## WHAT IS NEEDED
All records must be quoted exactly. Omit the pictures.

## Free-text object descriptions
--- START ---
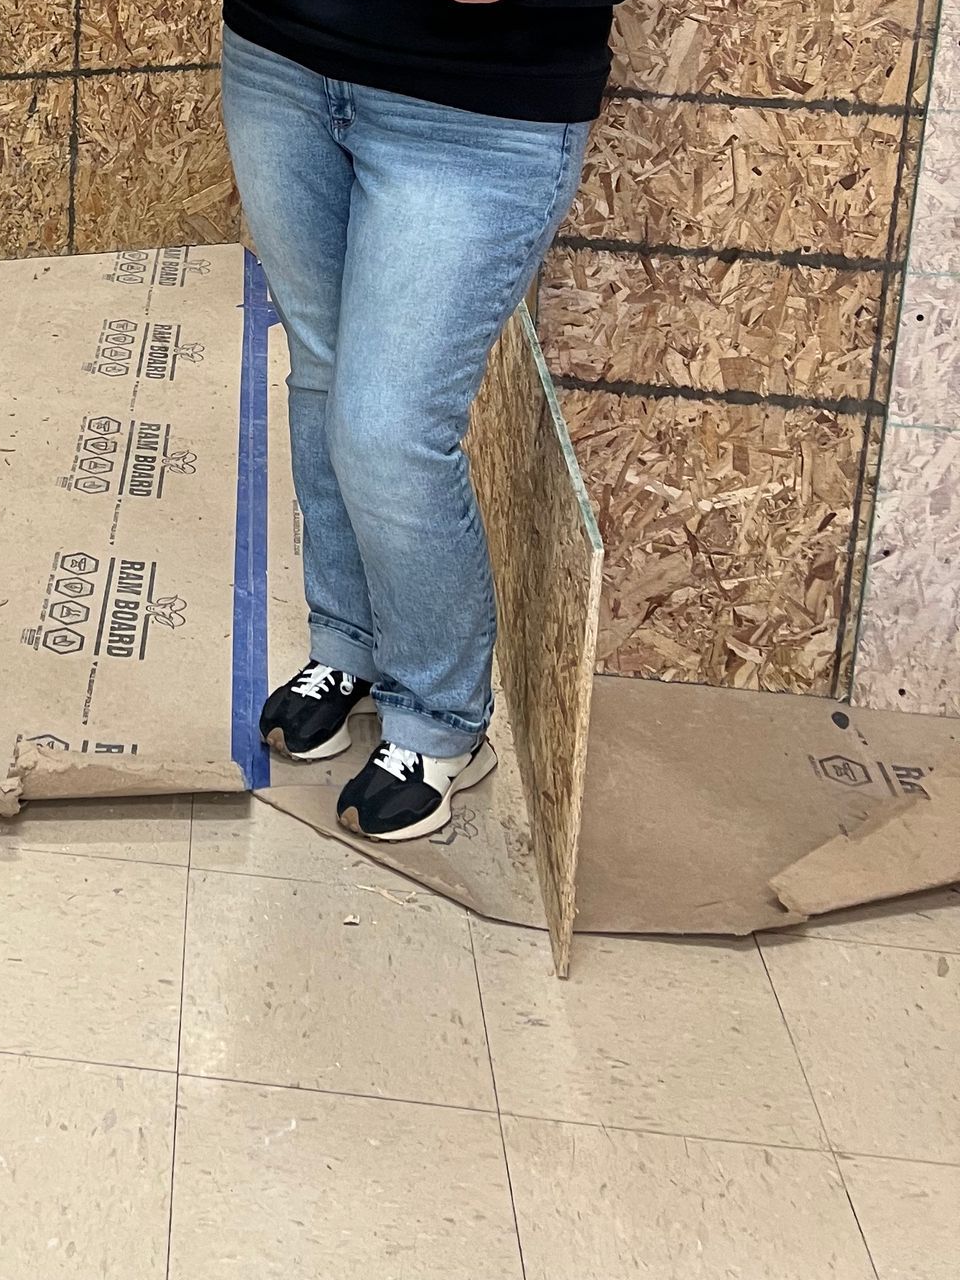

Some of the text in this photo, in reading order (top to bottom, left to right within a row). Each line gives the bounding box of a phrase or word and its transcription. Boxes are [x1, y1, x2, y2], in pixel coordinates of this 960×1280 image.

[159, 262, 179, 286] BOARD
[145, 324, 172, 380] RAM BOARD
[129, 422, 161, 497] RAM BOARD
[106, 559, 145, 658] RAM BOARD
[891, 764, 932, 800] RA
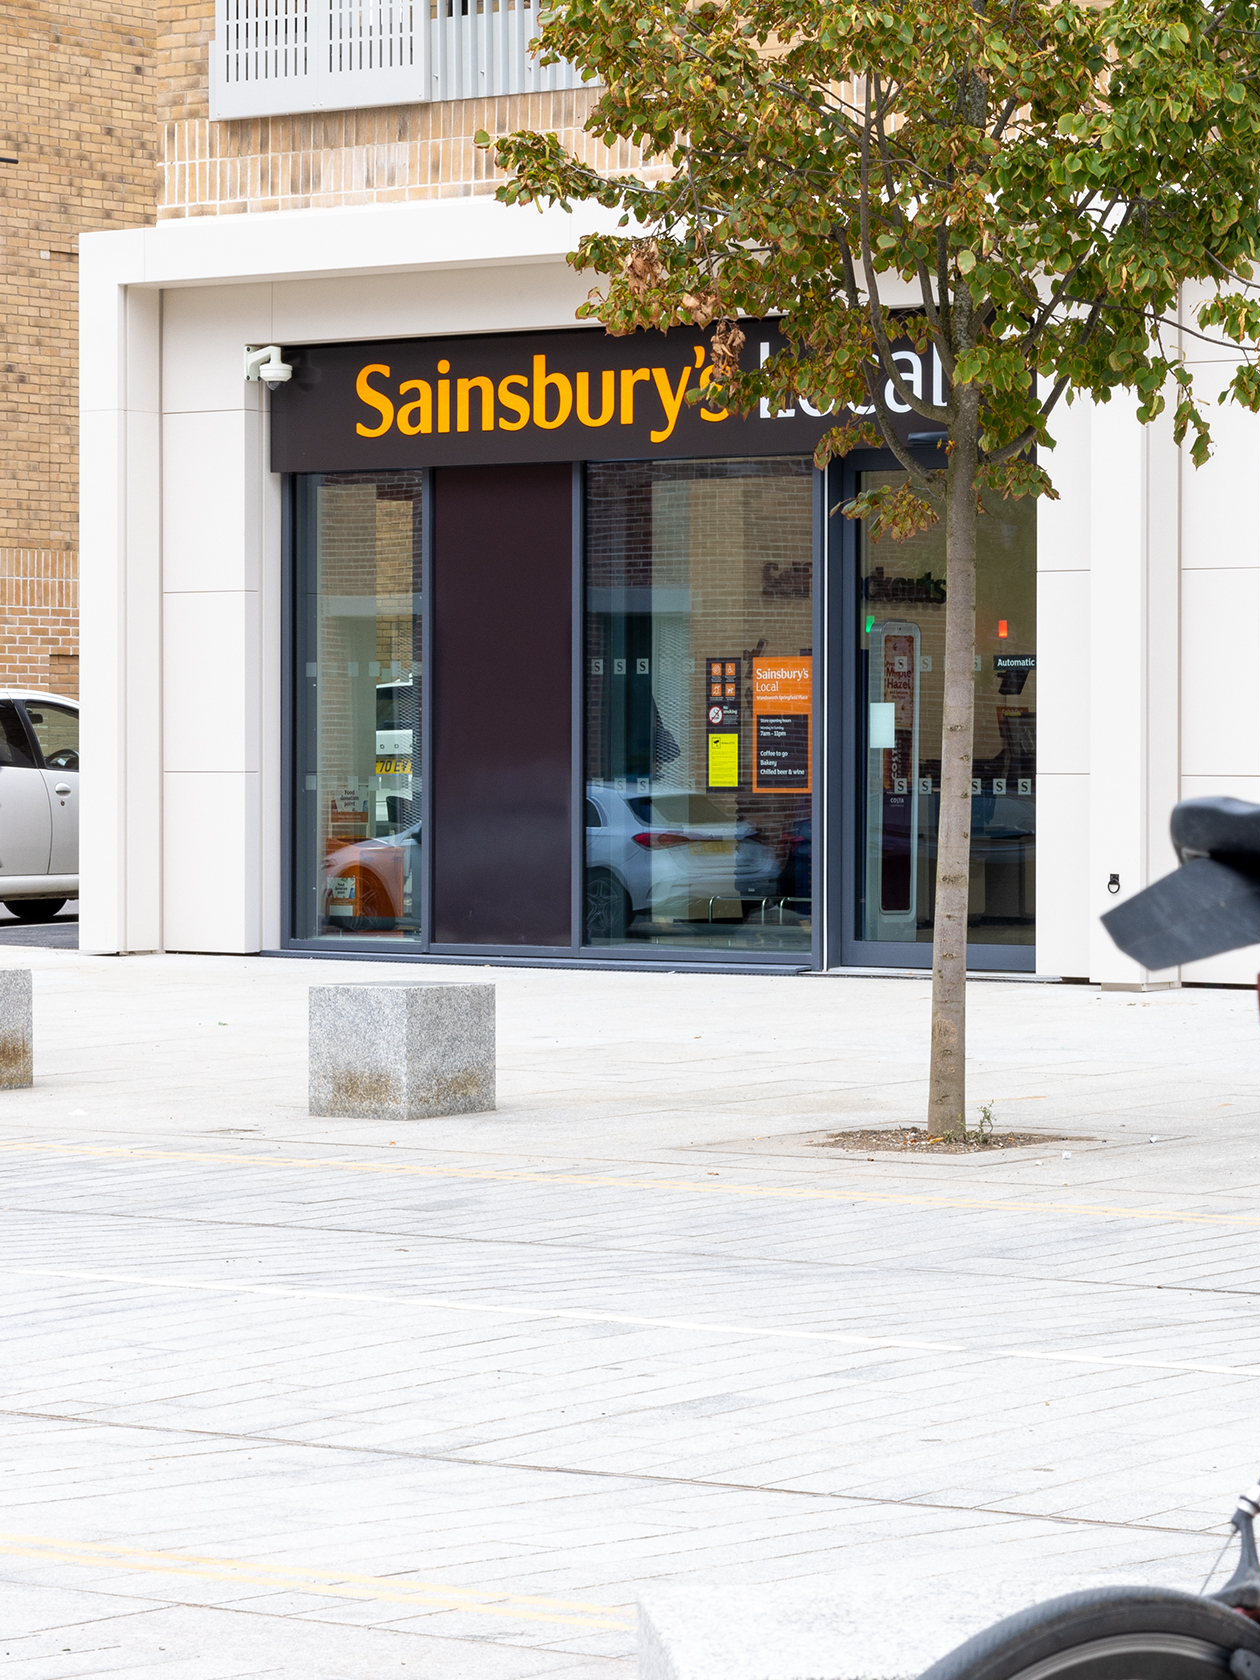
--- END ---
## RESPONSE BOX
Some of the text in this photo, in reading order (top to bottom, left to right within a row). Each line gives the bounding box of a phrase or word and its transcription. Boxes are [x1, y1, x2, y2], in pixel coordinates of this 960×1280 image.

[159, 262, 179, 286] BOARD
[145, 324, 172, 380] RAM BOARD
[129, 422, 161, 497] RAM BOARD
[106, 559, 145, 658] RAM BOARD
[891, 764, 932, 800] RA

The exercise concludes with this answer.